======== Exercise material ========

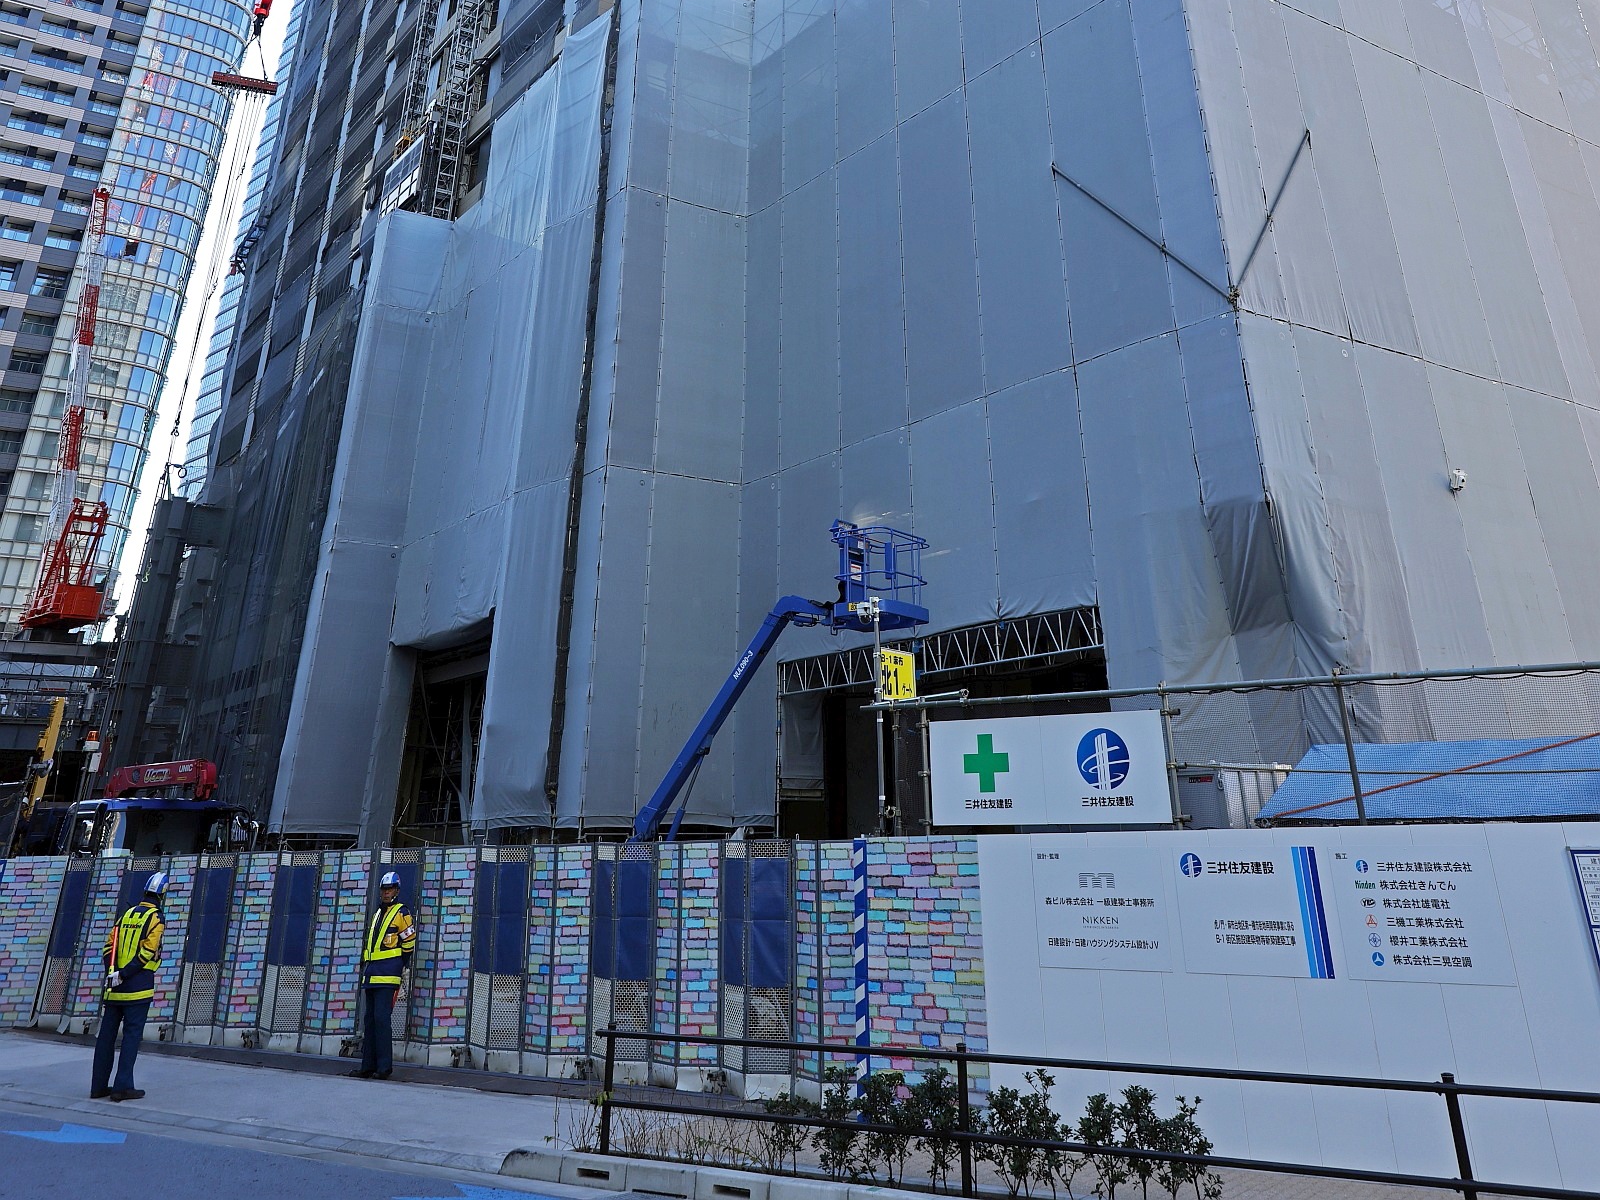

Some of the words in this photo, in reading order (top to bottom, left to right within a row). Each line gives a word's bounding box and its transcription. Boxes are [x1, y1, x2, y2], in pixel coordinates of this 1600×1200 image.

[178, 764, 193, 773] UNIC
[965, 798, 1014, 810] 三井住友建設
[1081, 796, 1135, 808] 三井住友建設
[1206, 861, 1275, 875] 三井住友建設
[1376, 861, 1473, 873] 三井住友建設株式会社
[1379, 879, 1457, 891] 株式会社きんでん
[1045, 896, 1094, 907] 森ビル株式会社
[1096, 897, 1155, 908] 一級建築士事務所
[1382, 898, 1451, 910] 株式会社雄電社
[1082, 916, 1119, 925] NIKKEN
[1386, 916, 1465, 929] 三機工業株式会社
[1393, 954, 1473, 968] 株式会社三晃空調
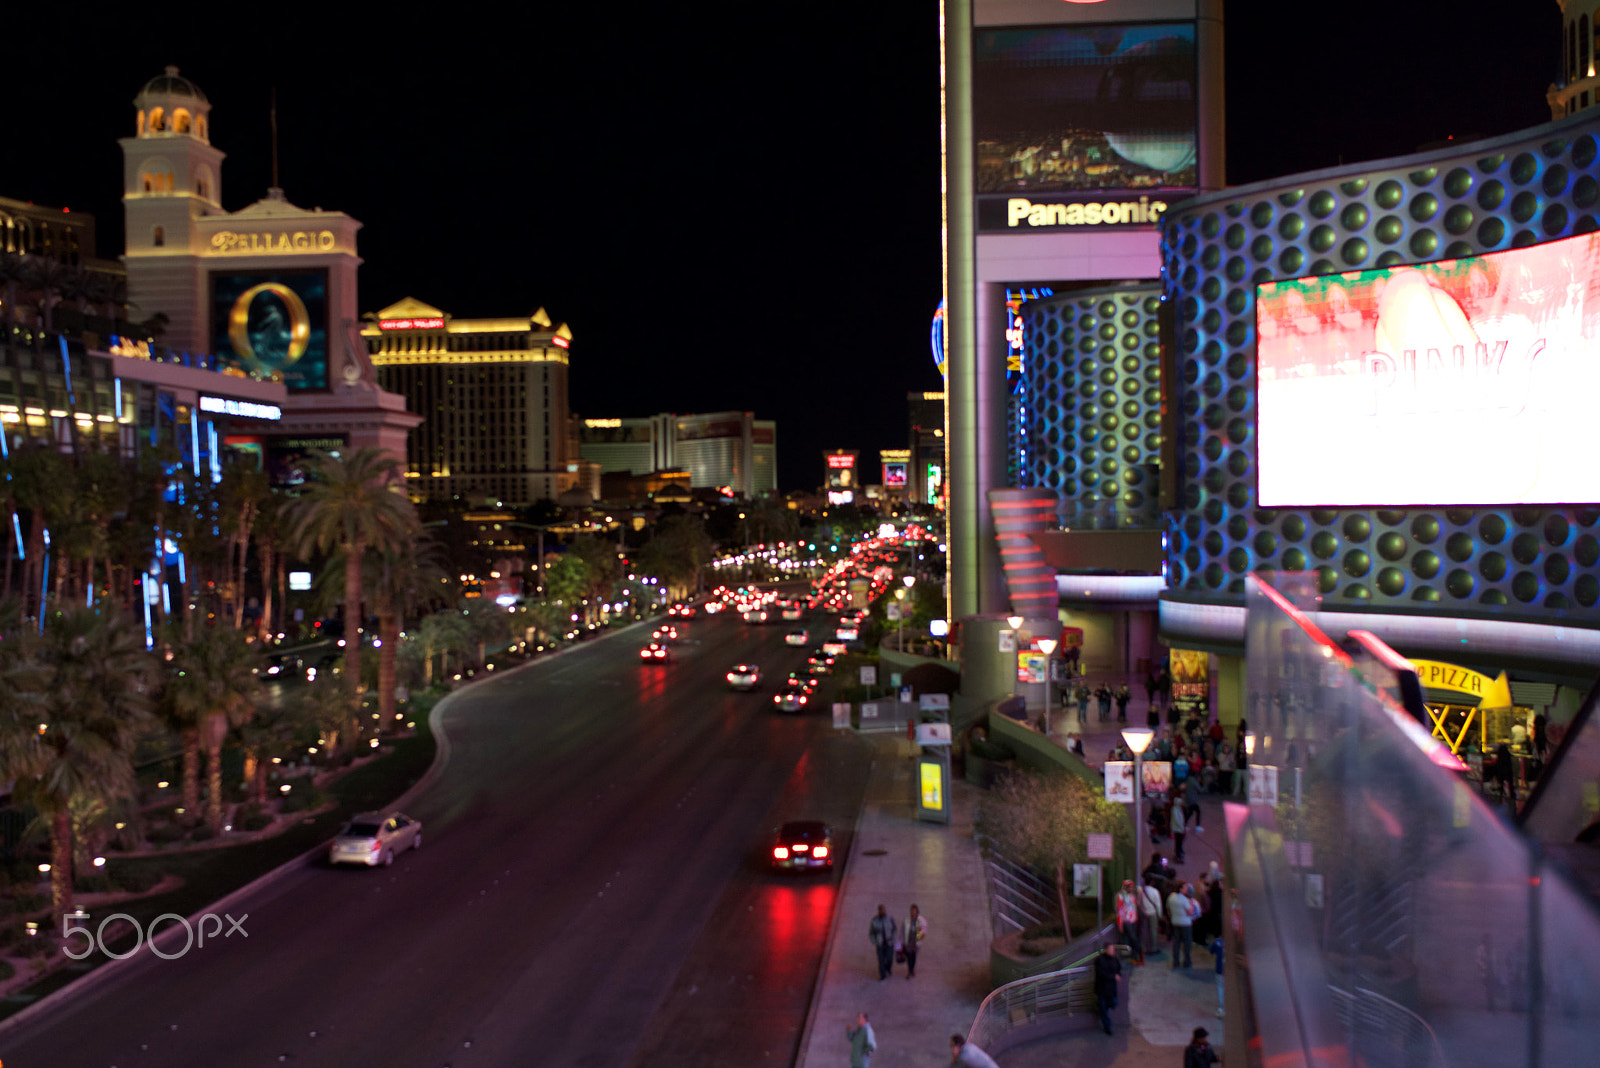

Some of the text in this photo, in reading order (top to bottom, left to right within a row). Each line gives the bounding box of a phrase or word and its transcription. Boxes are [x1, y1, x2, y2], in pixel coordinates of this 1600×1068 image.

========

- The task -
Copy out all of the entries exactly as they stand, with no pictures in your copy.

- Reply -
Some of the words in this photo, in reading order (top to bottom, left to right within a row). Each line gives a word's bounding box and its transcription. Boxes are [x1, y1, x2, y2], in pixel coordinates of this 1600×1200 image.

[178, 764, 193, 773] UNIC
[965, 798, 1014, 810] 三井住友建設
[1081, 796, 1135, 808] 三井住友建設
[1206, 861, 1275, 875] 三井住友建設
[1376, 861, 1473, 873] 三井住友建設株式会社
[1379, 879, 1457, 891] 株式会社きんでん
[1045, 896, 1094, 907] 森ビル株式会社
[1096, 897, 1155, 908] 一級建築士事務所
[1382, 898, 1451, 910] 株式会社雄電社
[1082, 916, 1119, 925] NIKKEN
[1386, 916, 1465, 929] 三機工業株式会社
[1393, 954, 1473, 968] 株式会社三晃空調

Some of the text in this photo, in reading order (top to bottom, left to right within a row). Each line gives the bounding box of a phrase or word and its transcription. Boxes are [x1, y1, x2, y2], in pixel coordinates of this 1600×1068 image.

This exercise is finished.